◆ **Input**:
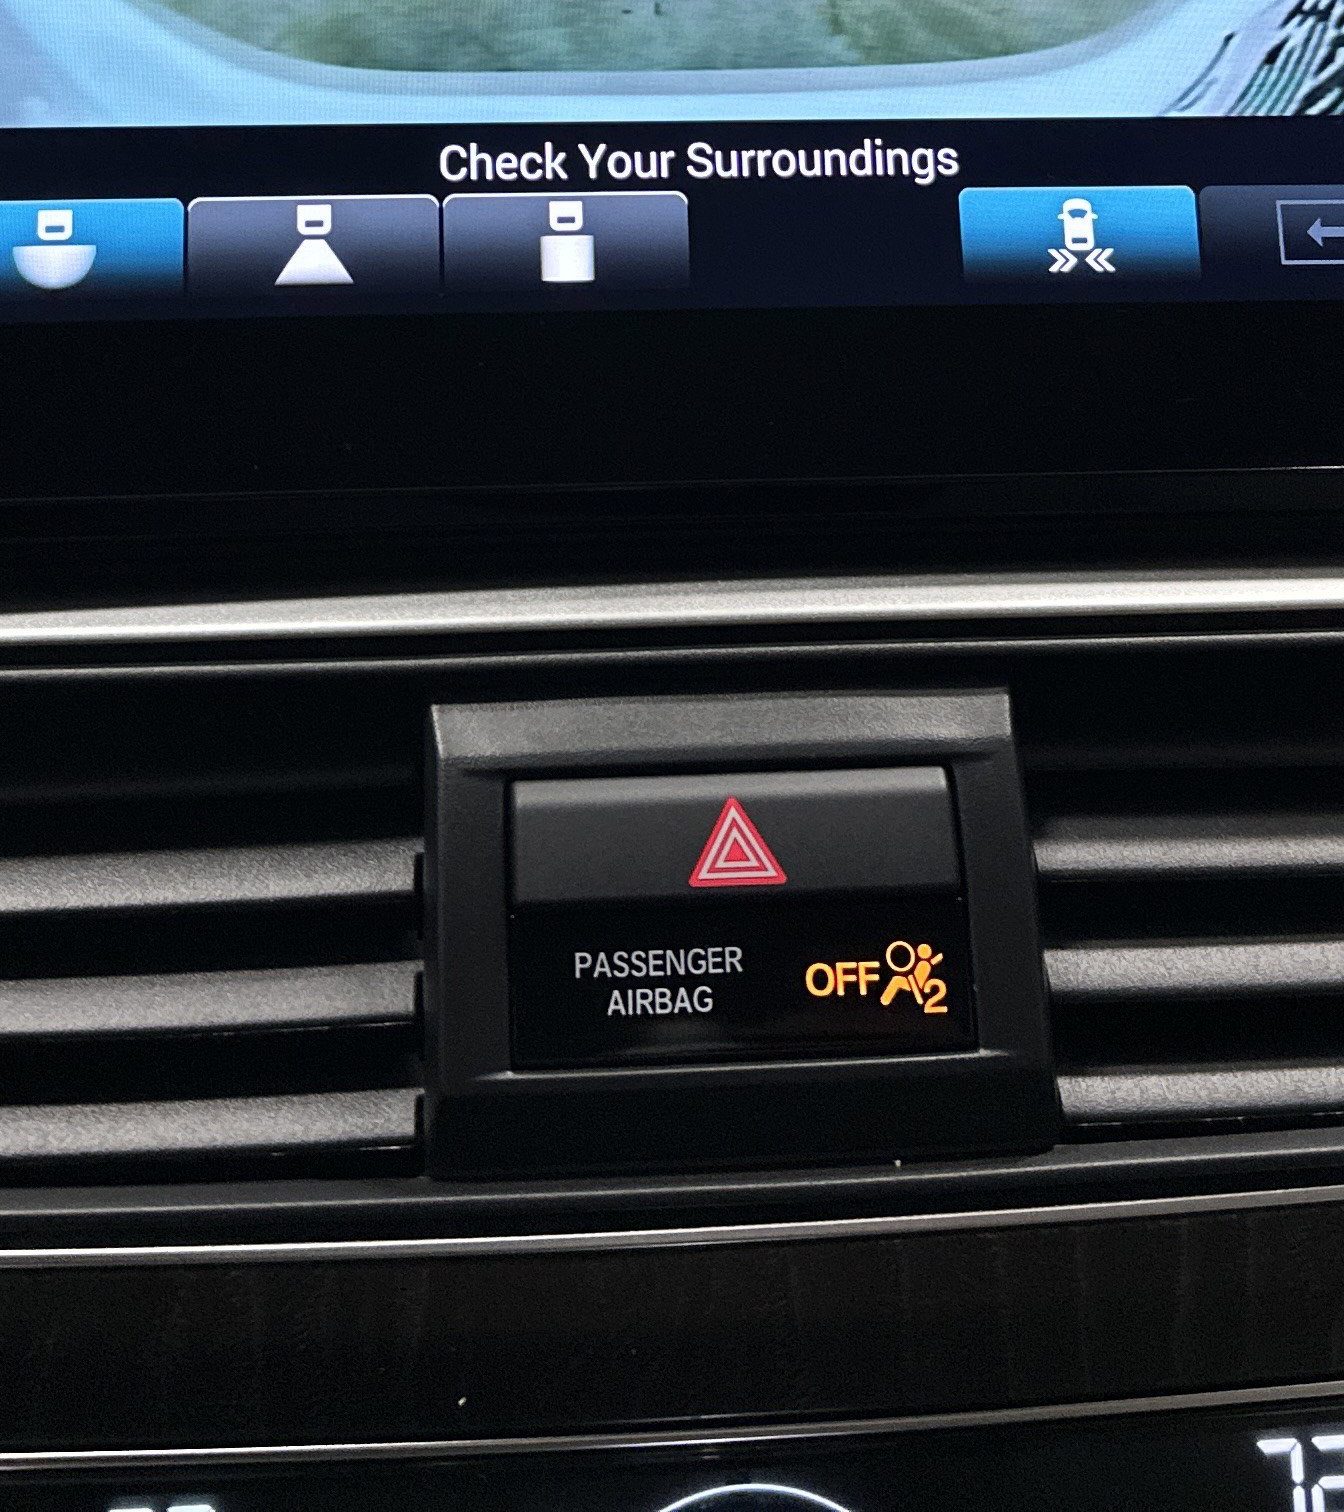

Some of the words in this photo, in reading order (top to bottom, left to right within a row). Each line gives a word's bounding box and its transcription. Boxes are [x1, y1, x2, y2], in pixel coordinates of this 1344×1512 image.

[439, 142, 568, 181] Check
[578, 142, 675, 180] Your
[685, 138, 960, 185] Surroundings
[573, 945, 744, 979] PASSENGER
[805, 961, 881, 998] OFF
[607, 985, 714, 1017] AIRBAG

◆ **Exercise description**: Retype the data above exactly, dropping every picture.

◆ **Task output**:
Some of the words in this photo, in reading order (top to bottom, left to right within a row). Each line gives a word's bounding box and its transcription. Boxes are [x1, y1, x2, y2], in pixel coordinates of this 1344×1512 image.

[439, 142, 568, 181] Check
[578, 142, 675, 180] Your
[685, 138, 960, 185] Surroundings
[573, 945, 744, 979] PASSENGER
[805, 961, 881, 998] OFF
[607, 985, 714, 1017] AIRBAG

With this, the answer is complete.